Her description immediately brought to mind a likely candidate.
“Well, there was this one Pentagon guy,” Cole said. “Came and spoke to us at Creech. Pretty plugged in, but he was based in Washington.”
“Air Force?” Steve asked.
“Civilian. Some kind of design guru, not just for the Predator, but for all the integrated systems. Worked a lot with outsiders, too. That was one of the things that was pissing him off.”
“Name?” Barb asked.
“Sharpe. Nelson Hayley Sharpe.”
“Three names. Sure sign of a huge ego.”
“The brass kinda thought he was a loose cannon.”
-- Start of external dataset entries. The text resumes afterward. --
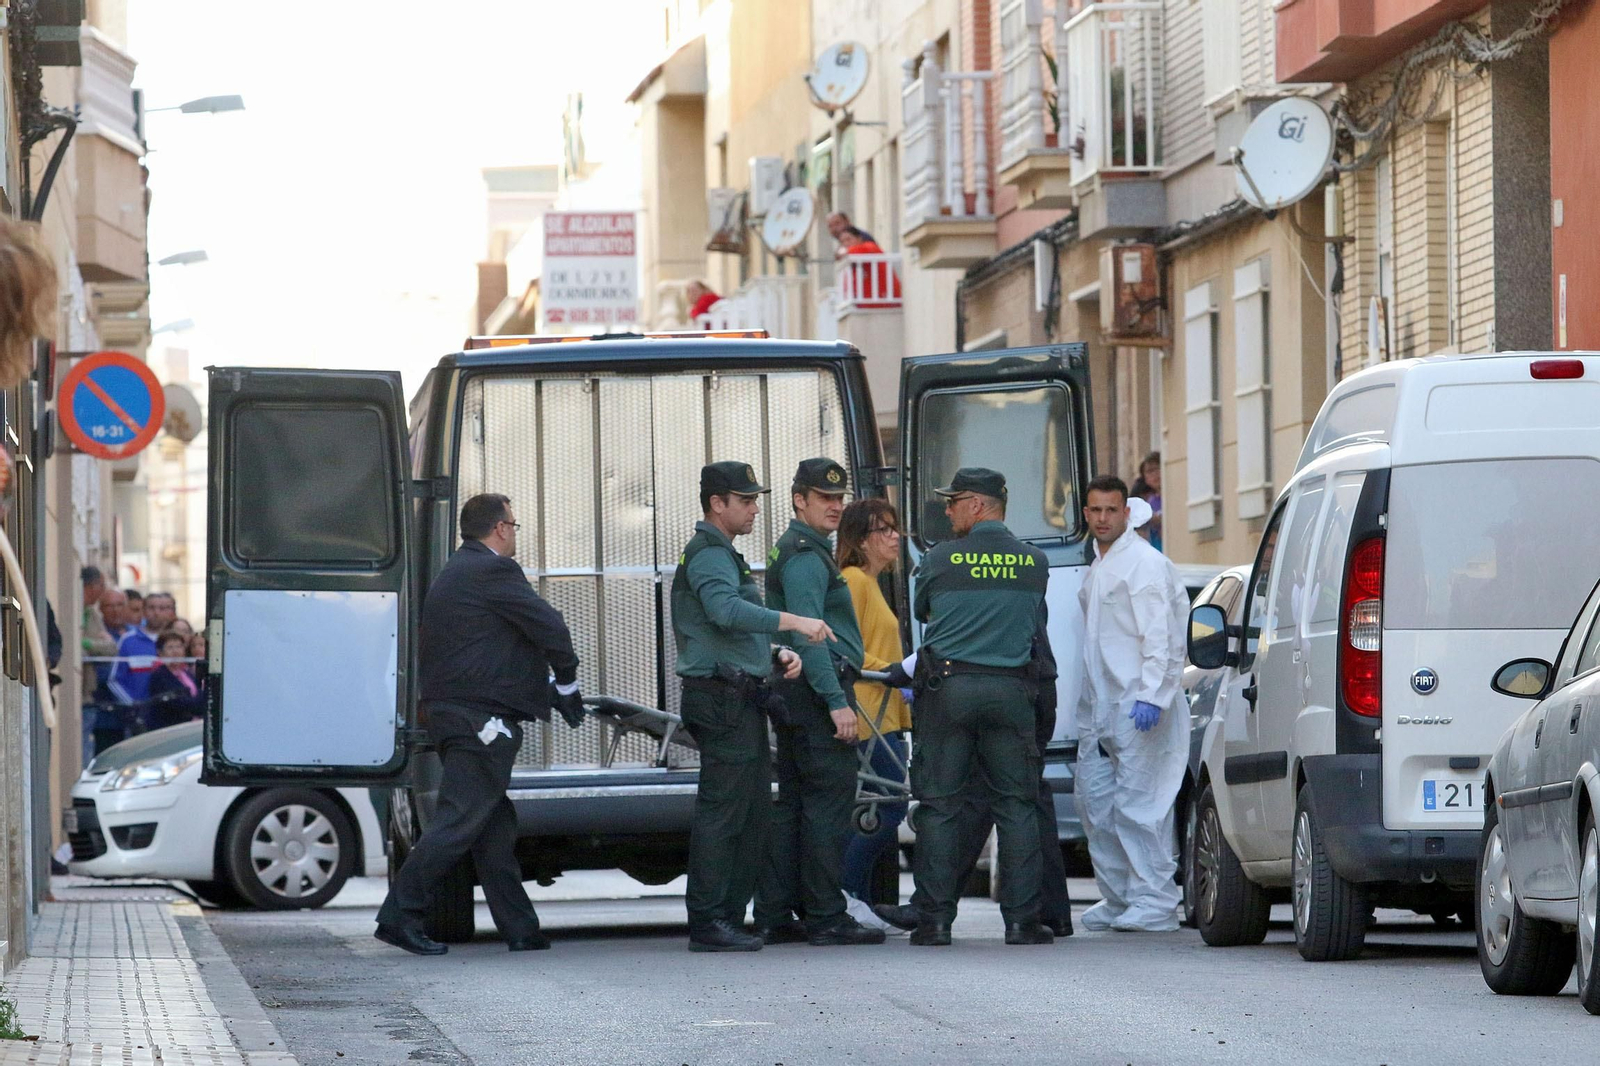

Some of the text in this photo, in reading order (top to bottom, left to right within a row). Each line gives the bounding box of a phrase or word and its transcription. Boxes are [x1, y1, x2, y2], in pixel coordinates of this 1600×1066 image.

[1278, 115, 1308, 140] Gi
[546, 214, 635, 234] SE ALQUILAN
[546, 236, 635, 253] APARTAMENTOS
[548, 287, 633, 300] DORMITORIOS
[92, 425, 124, 438] 16-31
[950, 552, 1035, 567] GUARDIA
[970, 566, 1018, 579] CIVIL
[1415, 676, 1434, 686] FIAT
[1426, 797, 1434, 805] E
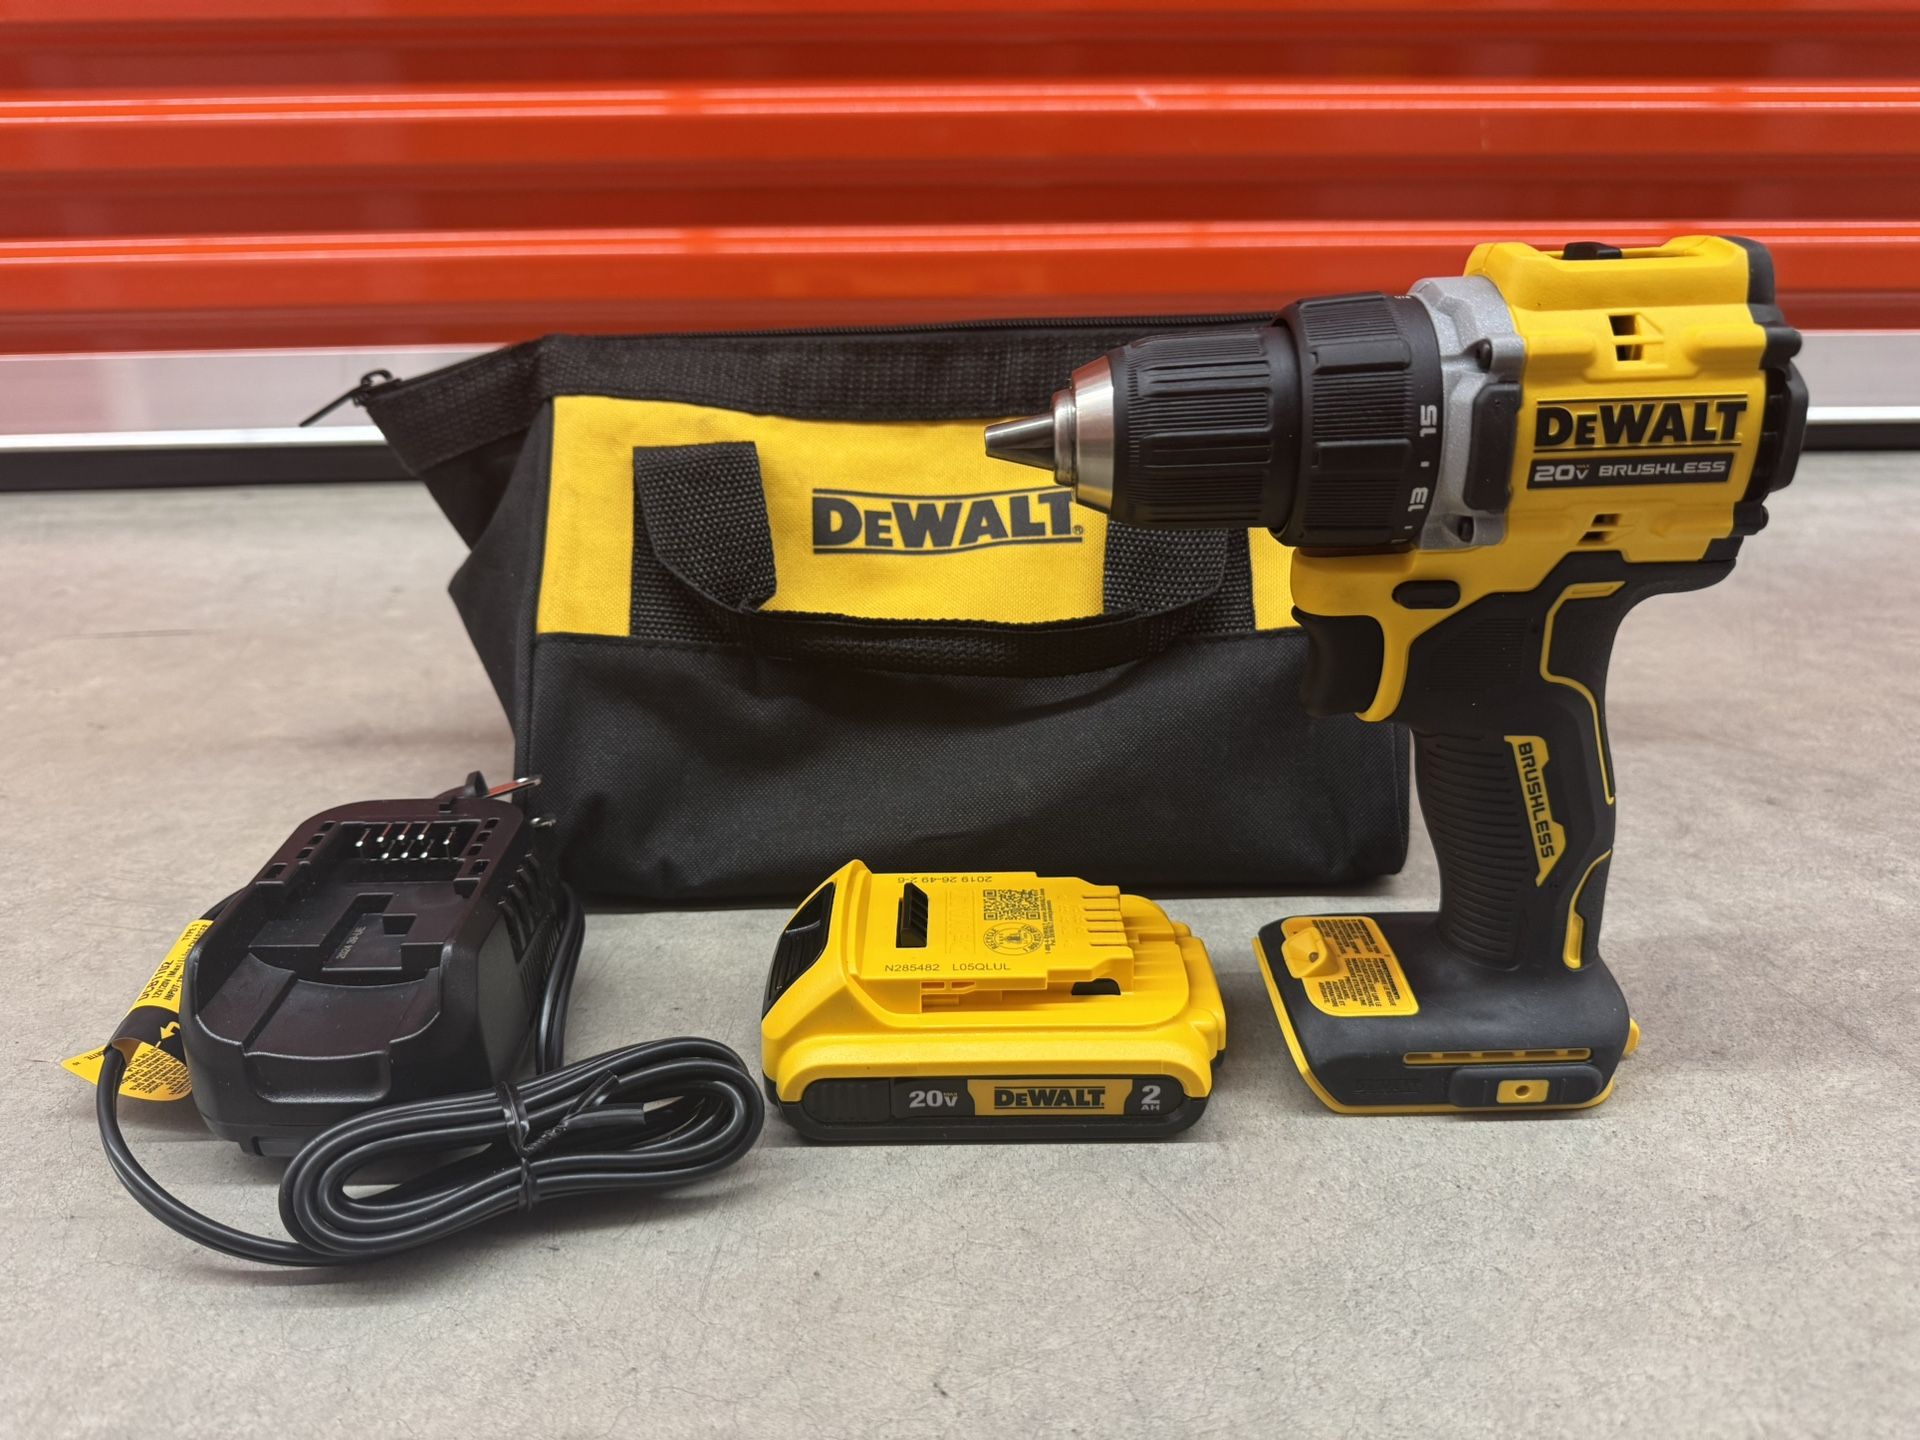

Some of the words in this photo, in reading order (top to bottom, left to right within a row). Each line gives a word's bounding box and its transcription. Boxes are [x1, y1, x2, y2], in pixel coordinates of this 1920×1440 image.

[1420, 404, 1438, 437] 15
[1534, 400, 1748, 446] DEWALT
[1534, 465, 1589, 482] 20V
[1598, 461, 1727, 477] BRUSHLESS
[1408, 487, 1428, 512] 13
[1518, 742, 1555, 859] BRUSHLESS
[884, 964, 941, 972] N285482
[909, 1089, 958, 1108] 20V
[994, 1088, 1105, 1106] DEWALT
[1141, 1084, 1161, 1104] 2
“And you met him?” Steve said.
“He spoke to our attack group. It was supposed to be a pep talk on how we were riding the wave of the future, trailblazers, all sorts of feel-good bullshit. But at the end there was a Q and A, and he sorta ran off the rails. Somebody asked him how much longer before the other side started getting this kind of capability, and what that would mean. He said it had already happened. Not al Qaeda or anything, but the world at large. Friends, enemies, public, private, you name it. He said some of the best tech was being fed straight from the Pentagon to the street, and that as much as we all loved this shit now, in five or ten years we’d be scared to death of it because everybody would have it.”